Leasing is strongly established in the Scandinavian countries and,
in some sectors, moving towards service-inclusive deals in
conjunction with vendors. Lessors based in the Nordic region are
also in the forefront of moves into the Baltic states. Andy
Thompson reports.
Compared with the major European countries such as the UK,
Germany and France, with populations ranging from 45 to 70 million
each, the Scandinavian and Baltic countries are not large –
combined, their population totals 31.2 million. Yet the Nordic
countries make up for their lack of size with levels of per capita
income among the highest in the world and the scale of regional
leasing market activities reflects the high level of general
economic development.
The Baltic states have been taking great strides since emerging
from the Soviet economic system 17 years ago. There, too, leasing
plays a major part in equipping local industry and commerce. In
common with the rest of Europe, the Nordic and Baltic regions face
a slowdown in current conditions.

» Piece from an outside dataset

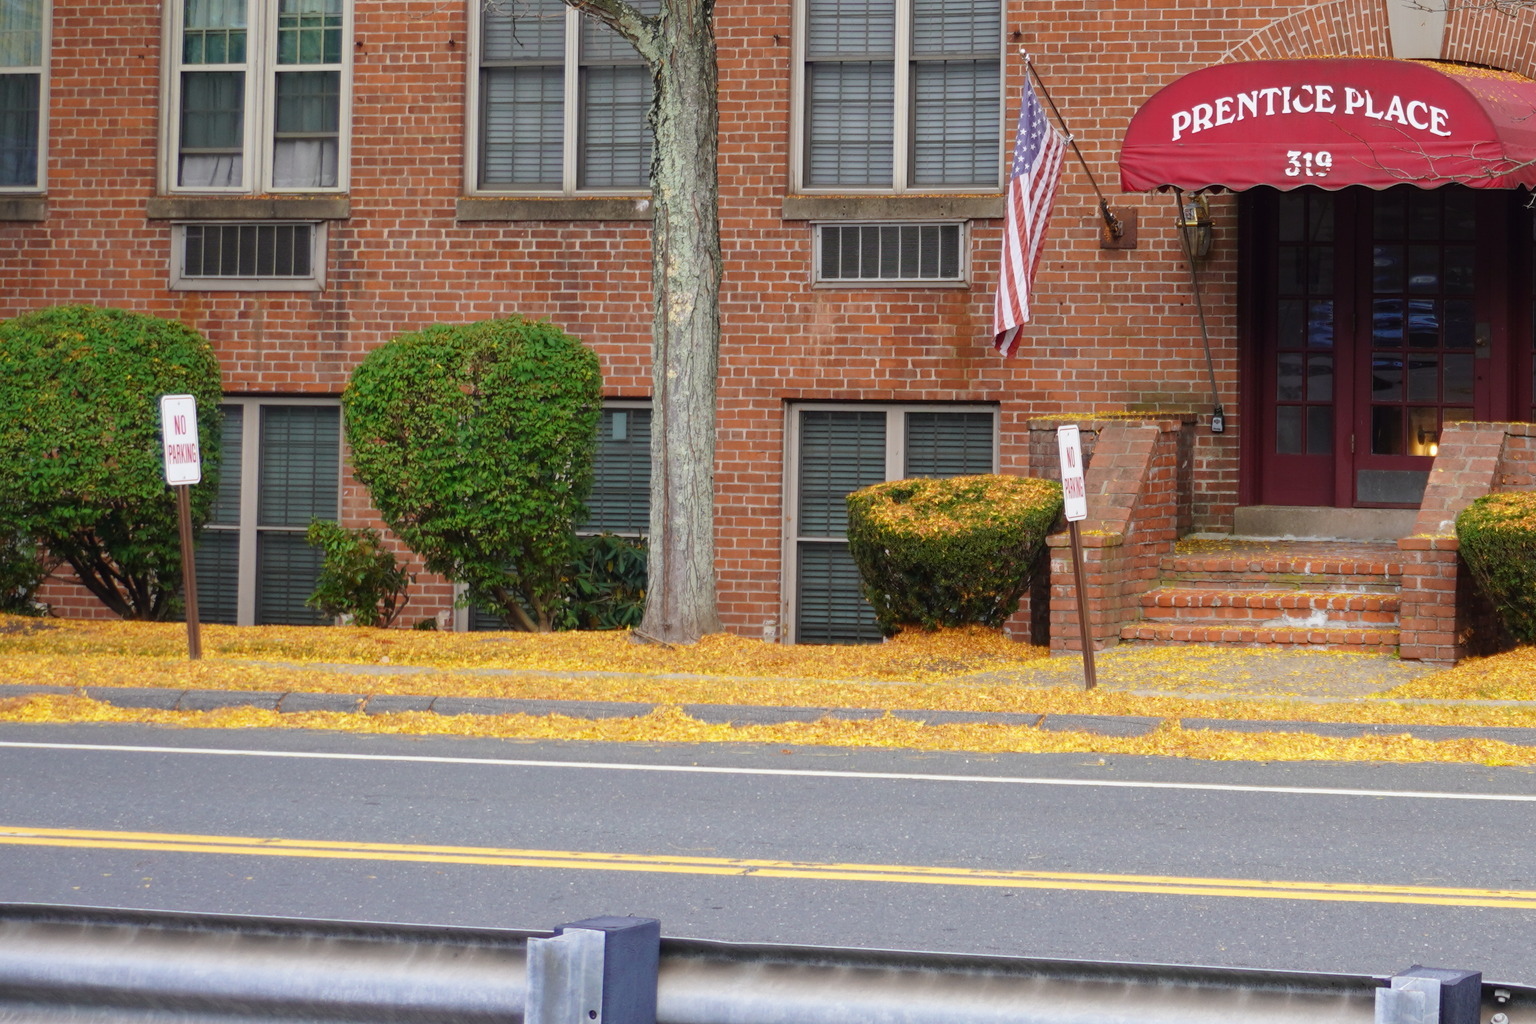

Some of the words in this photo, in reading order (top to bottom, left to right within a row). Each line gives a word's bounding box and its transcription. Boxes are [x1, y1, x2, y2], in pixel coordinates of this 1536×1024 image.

The European Commission’s latest
economic forecasts showed that economic growth through to the end
of next year will slow down.
This prediction might well, however, fall short of the mark.
Last month, it was reported that Sweden, like the UK, in terms of
its quarterly trend of gross domestic product from April to June
this year,
has stood still. The mood among Scandinavian lessors remains
reasonably bullish, however.
Peter Rich, Nordics managing director for leasing at De Lage
Landen (DLL), says: “While this region cannot escape the impact of
the general economic slowdown at the European or global level, the
trend of demand for new leasing business here has so far held up
very well.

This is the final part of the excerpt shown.